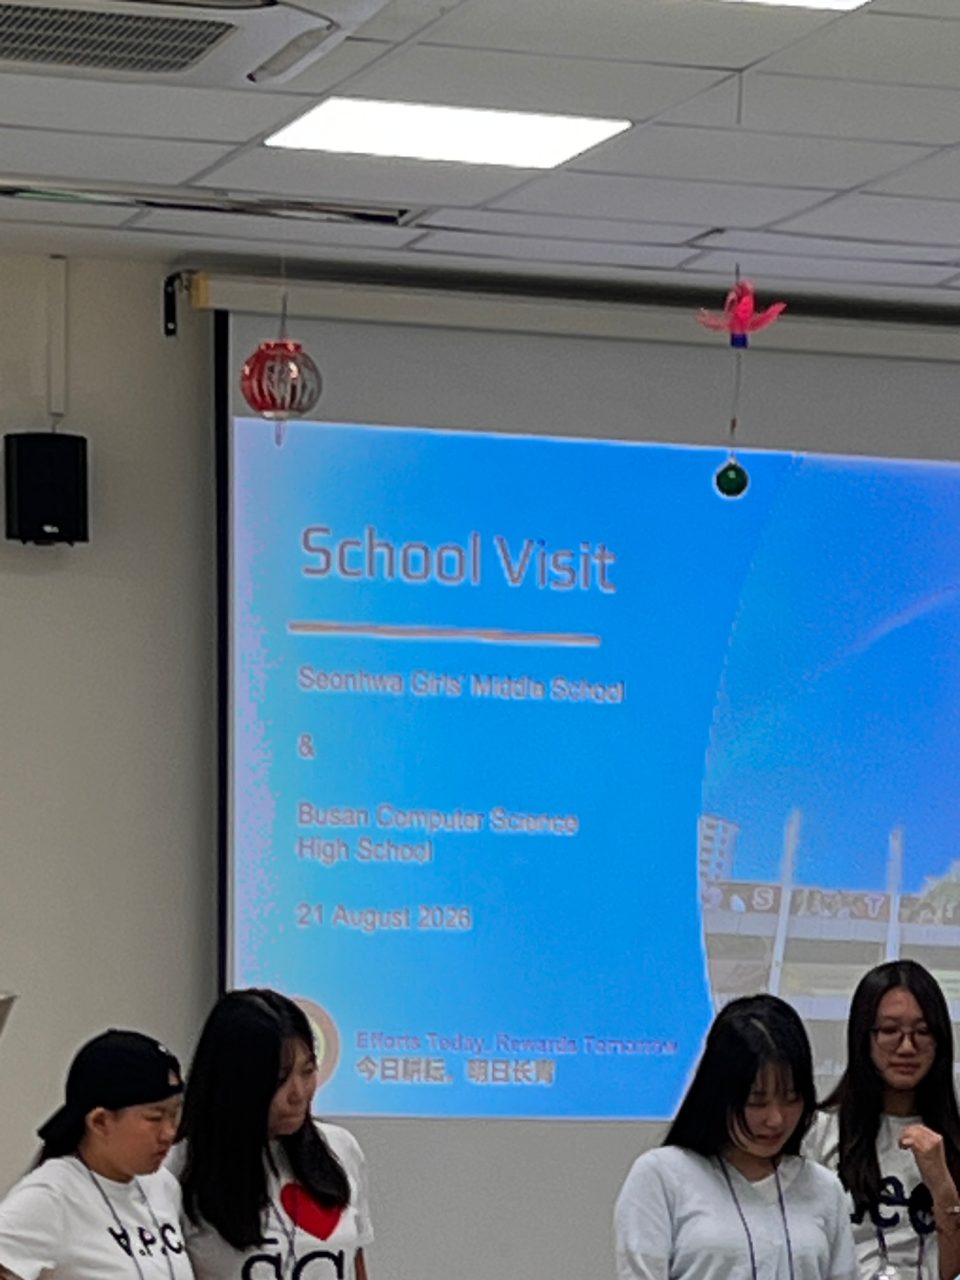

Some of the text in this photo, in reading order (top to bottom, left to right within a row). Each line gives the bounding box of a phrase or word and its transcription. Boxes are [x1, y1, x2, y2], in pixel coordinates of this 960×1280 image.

[301, 525, 618, 593] School Visit
[298, 666, 404, 693] Seonhwa
[471, 673, 545, 699] Middle
[550, 677, 625, 704] School
[298, 733, 316, 760] &
[298, 802, 579, 836] Busan Computer Science
[297, 836, 433, 866] High School
[297, 904, 473, 933] 21 August 2026
[356, 1030, 422, 1050] Efforts
[495, 1033, 578, 1054] Rewards
[583, 1034, 679, 1055] Tomorrow

:: Instructions for the task ::
Would you print all of the entries exactly, omitting any image?

:: Exercise answer ::
Some of the text in this photo, in reading order (top to bottom, left to right within a row). Each line gives the bounding box of a phrase or word and its transcription. Boxes are [x1, y1, x2, y2], in pixel coordinates of this 960×1280 image.

[301, 525, 618, 593] School Visit
[298, 666, 404, 693] Seonhwa
[471, 673, 545, 699] Middle
[550, 677, 625, 704] School
[298, 733, 316, 760] &
[298, 802, 579, 836] Busan Computer Science
[297, 836, 433, 866] High School
[297, 904, 473, 933] 21 August 2026
[356, 1030, 422, 1050] Efforts
[495, 1033, 578, 1054] Rewards
[583, 1034, 679, 1055] Tomorrow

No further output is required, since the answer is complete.